Tyrosinemia type II typically demonstrates ocular symptoms (75% of cases) that usually occur in the first year of life. 8 They are characterized by photophobia, redness, and increase of lacrimation. Examination reveals a superficial and bilateral punctate keratosis with corneal dystrophy, often misdiagnosed as herpetic keratosis, as in our case, which may delay the diagnosis. 9,10 Bilateral ocular lesions are suggestive, even if they are asymmetric. 8,11 Furthermore, negative fluorescein staining, negative culture, and resistance to antiviral treatment exclude the diagnosis of herpetic keratosis. 9,10
Skin lesions (85% of cases) typically appear in the first year of life. They are characterized by painful, irregular, limited, punctate hyperkeratosis on the palms and soles. 1 They are more frequent in weight-bearing areas and tend to improve during summer, possibly due to a seasonal change in dietary behavior. 4,12 Hyperkeratotic papules in a linear pattern also have been described on the flexor aspects of the fingers or toes. 13 In our case, the lesions were misdiagnosed as warts for 6 months.
Retarded development affects 60% of patients with tyrosinemia type II. Expression of neurological symptoms is variable and could include mental retardation, nystagmus, tremors, ataxia, and convulsion. 4 Lifetime follow-up of these patients is recommended.
Early initiation of a tyrosine-phenylalanine-restricted diet in infancy is the most effective therapy for Richner-Hanhart syndrome. 13 The enzyme phenylalanine hydroxylase normally converts the amino acid phenylalanine into amino acid tyrosine.
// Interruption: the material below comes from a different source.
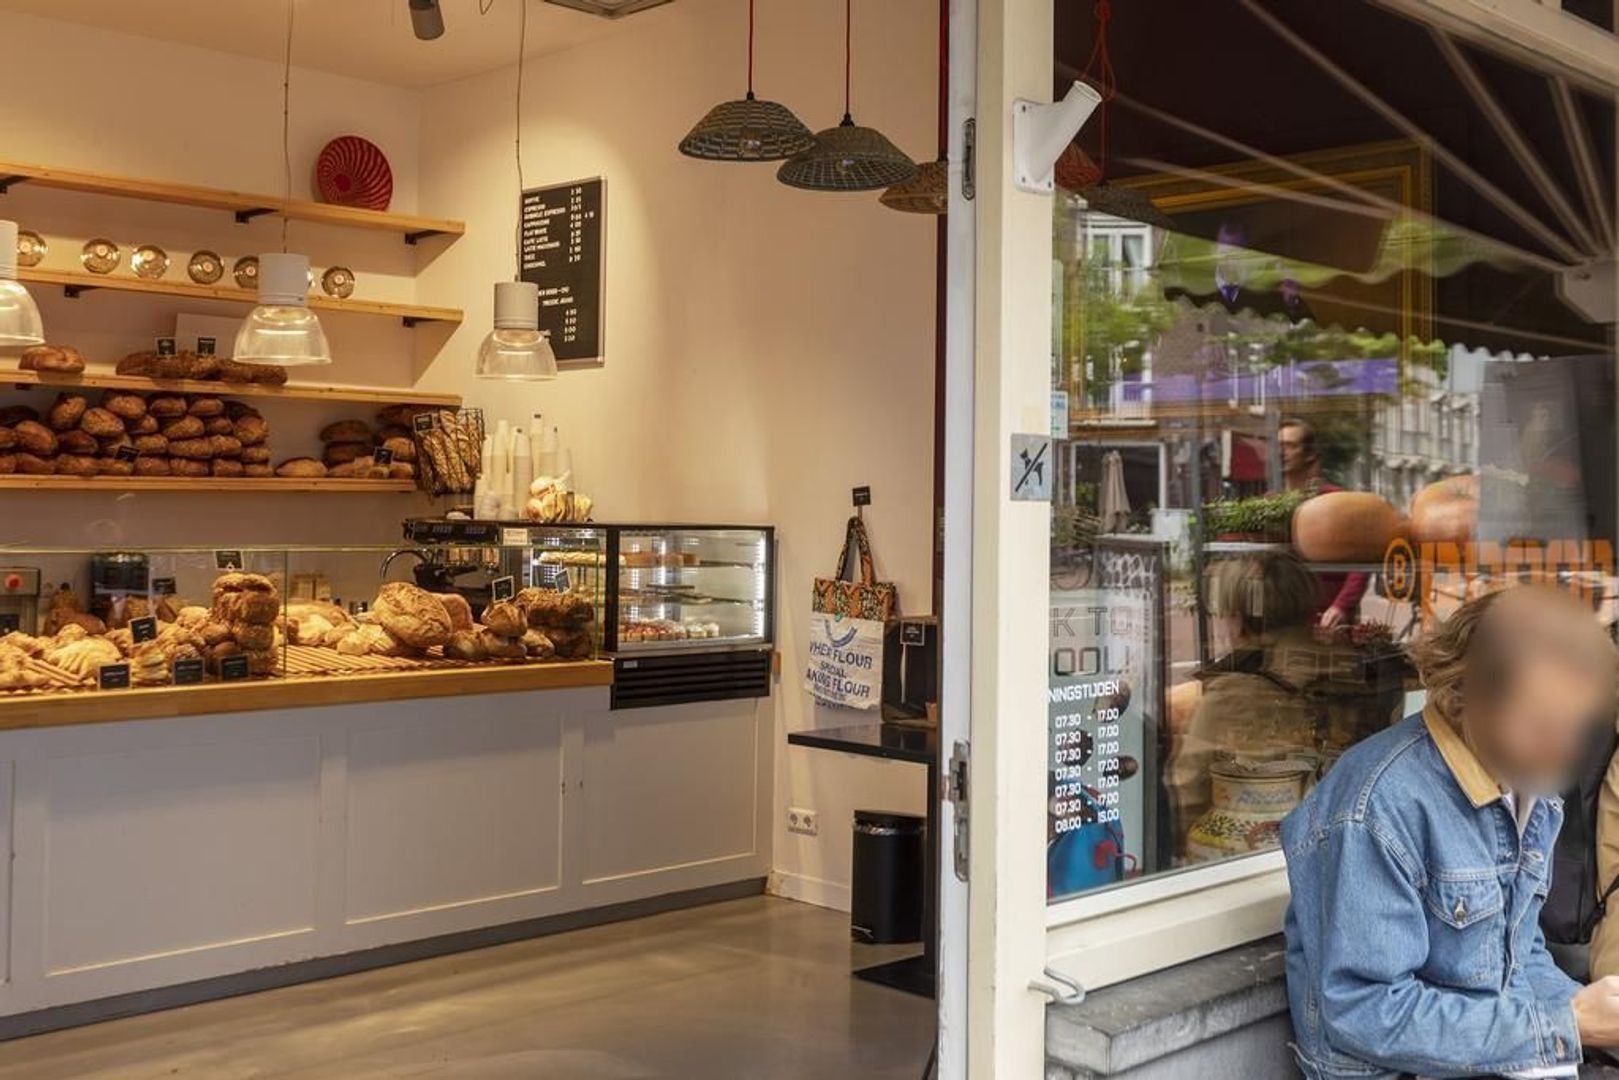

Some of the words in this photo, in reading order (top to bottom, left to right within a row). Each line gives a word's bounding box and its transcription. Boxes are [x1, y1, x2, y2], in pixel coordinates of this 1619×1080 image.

Thus, dietary treatment of Richner-Hanhart syndrome requires restricting or eliminating foods high in phenylalanine and tyrosine with protein "medical food" substitute. The dietary treatment allows resolution of both eye and skin symptoms after a few days or weeks and also may prevent mental retardation. It is effective in lowering the plasma level to less than 400 µmol/L. The diet must be introduced as soon as Richner-Hanhart syndrome is suspected. Supplementation with essential amino acids, vitamins, and trace elements is needed. Early screening of siblings in families with Richner-Hanhart syndrome history is recommended, even in the absence of clinical findings. Careful dietary control of maternal plasma tyrosine level must be considered during future pregnancy for women. 4,14,15
Richner-Hanhart syndrome should be suspected in patients demonstrating cutaneous lesions, especially palmoplantar keratosis associated with bilateral pseudodendritic corneal lesions unresponsive to antiviral therapy.